Ele cita como exemplos a cabotagem de carga geral e as de ‘roll on’ e ‘roll off’. “Essa última consistiria em trazer, do Sul e do Sudeste do País, carros, equipamentos e caminhões, nos navios, para o Nordeste e distribuir em portos como Suape, em Pernambuco, e Pecém, aqui no Ceará”, exemplifica.
“A gente analisa tecnicamente que é um primeiro passo que vai gerar, sim, o incremento de novos navios das empresas que já estão instaladas no Brasil e também a oportunidade de negócios específicos. Existe uma questão no projeto que é você, como empresa de navegação que já tem um navio brasileiro, ter a oportunidade de trazer um navio estrangeiro e colocar na sua frota”, acrescenta.
A abertura para inclusão de embarcações de outros países na navegação de cabotagem é, contudo, um dos pontos que trouxe, segundo o especialista, alguma controvérsia no processo de debate do projeto, que vem sendo travado desde 2019.
“Hoje, quem está criticando o projeto está falando que já existe uma normativa de utilização de bandeira (para chamar uma embarcação estrangeira) que está sendo quebrada. Isso porque a legislação anterior já estabelecia um procedimento para você chamar uma nova bandeira, que é quando nenhum navio de bandeira nacional consegue atender aquela movimentação”, explica.
Com o 'BR do Mar', a propósito, não há mais condicionante para o aluguel de navios estrangeiros por empresas brasileiras que também não precisam mais possuir embarcação própria para operar com navegação de cabotagem.
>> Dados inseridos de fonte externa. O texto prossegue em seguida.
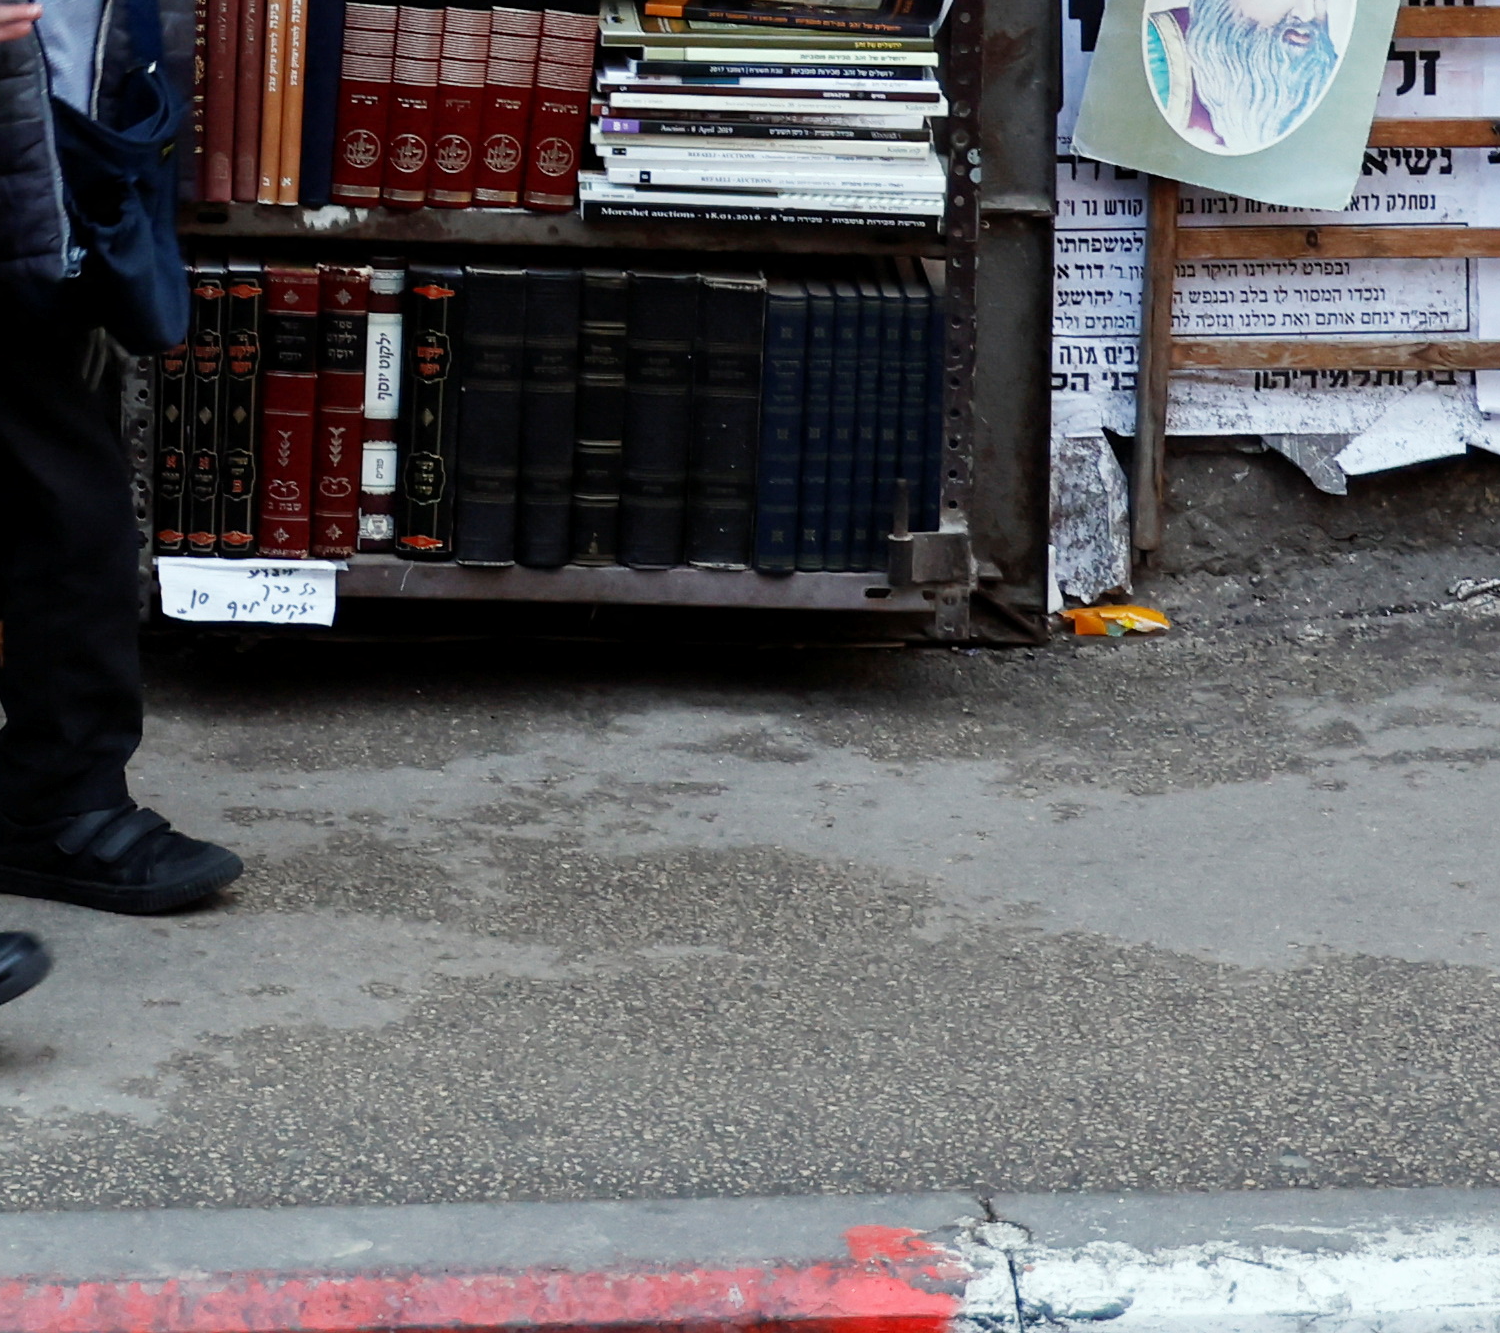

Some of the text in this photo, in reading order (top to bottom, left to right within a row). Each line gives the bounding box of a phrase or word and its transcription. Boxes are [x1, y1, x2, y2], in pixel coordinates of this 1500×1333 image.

Contudo, o projeto original estabelecia a previsão de que, pelo menos, dois terços da tripulação dos navios utilizados nessa modalidade de transporte de cargas fosse composta por brasileiros. Esse trecho foi, todavia, vetado por Bolsonaro sob a alegação de que geraria um aumento de custos para embarcações e reduziria a atratividade internacional.
Polêmica à parte, representantes dos portos cearenses aprovaram, em linhas gerais, o projeto e já fazem as primeiras previsões sobre os impactos que a nova legislação trará para a navegação e para a possibilidade de que novos negócios e parcerias sejam firmados.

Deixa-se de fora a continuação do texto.